This exemplary form of the invention utilizes a mortise cylinder 17, of conventional construction, connected to the link 13 in the manner described in greater detail in U.S. Pat. No. 3,948,066. On the inner end of the cylinder is an eccentric cam 18 which can be rotated, by a key or thumb turn, for example, to engage a slot 19 in a connecting member 20 that is pivotably connected to the inner end of the link. As the cam enters the slot (as shown in phantom lines in FIG. 3), it causes rotation of the connecting member to push the link outwardly or pull it inwardly, thereby moving the bolt 10 to its extended or retracted position, depending upon the direction of rotation.
The bolt 10 is cylindrical (as shown in FIG. 2) and is slidably received in a plastic lined, horizontal sleeve 25 that is part of the housing 11 and firmly secured to the swingable edge of the door 14. The inner end of the bolt is bifurcated by a vertical indentation 26 in which the outer end of the link 13 is loosely inserted. A horizontal cross pin 27 that is firmly anchored in the bolt extends transversely across the indentation through an elongated slot 28 in the link. This slot and pin connection forms a coaction mechanism that permits both sliding and pivoting movement of the link with respect to the bolt, the slot being inclined at an angle to the movement of bolt (indicated by the arrow A in FIG. 3) so that the outer end of the link is forced upwardly if the pin moves toward the inner end of the slot (as shown in FIG. 5).

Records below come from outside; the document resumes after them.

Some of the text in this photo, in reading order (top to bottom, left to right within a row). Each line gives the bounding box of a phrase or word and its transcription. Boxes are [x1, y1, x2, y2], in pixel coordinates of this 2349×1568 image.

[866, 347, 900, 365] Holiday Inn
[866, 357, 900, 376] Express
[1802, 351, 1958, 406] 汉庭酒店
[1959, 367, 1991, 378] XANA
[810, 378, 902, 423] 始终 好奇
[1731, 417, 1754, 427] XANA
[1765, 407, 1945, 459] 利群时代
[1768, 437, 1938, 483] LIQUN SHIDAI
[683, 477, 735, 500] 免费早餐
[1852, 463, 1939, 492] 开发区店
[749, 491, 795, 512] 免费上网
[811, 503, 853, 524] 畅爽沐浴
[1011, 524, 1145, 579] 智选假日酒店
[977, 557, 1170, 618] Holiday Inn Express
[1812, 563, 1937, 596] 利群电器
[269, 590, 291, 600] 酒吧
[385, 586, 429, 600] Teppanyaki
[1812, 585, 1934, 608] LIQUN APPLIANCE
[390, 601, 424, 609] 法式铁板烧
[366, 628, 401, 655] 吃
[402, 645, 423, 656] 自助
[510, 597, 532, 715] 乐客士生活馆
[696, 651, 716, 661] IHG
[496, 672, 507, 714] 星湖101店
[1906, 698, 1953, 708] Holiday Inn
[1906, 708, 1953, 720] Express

A pointed upwardly projecting prong 29 is formed on the outer end of the link 13 and, when the bolt 10 is in its extended position (FIG. 4), this prong is aligned with and disposed immediately below an opening 30 in the top of the sleeve 25. If the link 13 is in this position, as it normally would be with the bolt extended and the door 14 locked, a force applied to the bolt and tending to drive it toward its retracted position (as indicated by the arrow B in FIG. 5) would push the pin 27 to the inner end of the slot 28, simultaneously lifting the link so that the prong enters the opening in the sleeve (as shown in FIG. 5). The inner end of the opening then serves an abutment 31 engaged by the prong to oppose the force applied to the bolt. Since the force is absorbed by the housing in this manner, it is not transmitted through the link to the actuator mechanism 12 in which it could otherwise cause a failure of the actuator pin 24 or another component, permitting the bolt to be freely retracted into the door.

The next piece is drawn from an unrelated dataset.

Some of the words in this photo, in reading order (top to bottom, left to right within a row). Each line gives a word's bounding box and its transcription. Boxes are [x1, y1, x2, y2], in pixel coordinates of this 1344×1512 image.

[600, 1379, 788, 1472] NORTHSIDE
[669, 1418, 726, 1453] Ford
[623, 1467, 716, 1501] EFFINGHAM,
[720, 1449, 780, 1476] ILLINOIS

To further strengthen the lock and resist inwardly directed forces applied to the bolt 10, the link 13 carries a downwardly projecting tab 32 which is disposed immediately behind the inner end of the sleeve 25 when the bolt is extended. A force applied to the link and causing the link to pivot on the actuator pin 24 as the cross pin 27 slides to the inner end of the slot 28, will cause the tab to engage the bottom inner end 33 of the sleeve, as shown in FIG. 5. A second abutment is thus provided whereby the housing resists the force applied to the bolt and prevents that force from being transmitted to the actuator mechanism 12. If the prong and tab do not engage their respective abutments simultaneously, the cross pin will flex slightly to allow engagement at both locations.
If a force sufficient to break the actuator pin 24 is applied to the extended bolt in the direction of movement from its retracted to its extended position, as might happen in the case of a blow that tends to open the door 14, the forward end of the tab 32 that forms an inclined ramp surface engages the aligned abutment 33 on the inner bottom end of the sleeve 25. Simultaneously, the prong 29 engages an abutment on the housing formed by the outer end 34 of the opening 30 so that the link becomes wedged to the sleeve. In this way, the force applied to the bolt is resisted by the housing 11 and is not transmitted to the actuator mechanism 12.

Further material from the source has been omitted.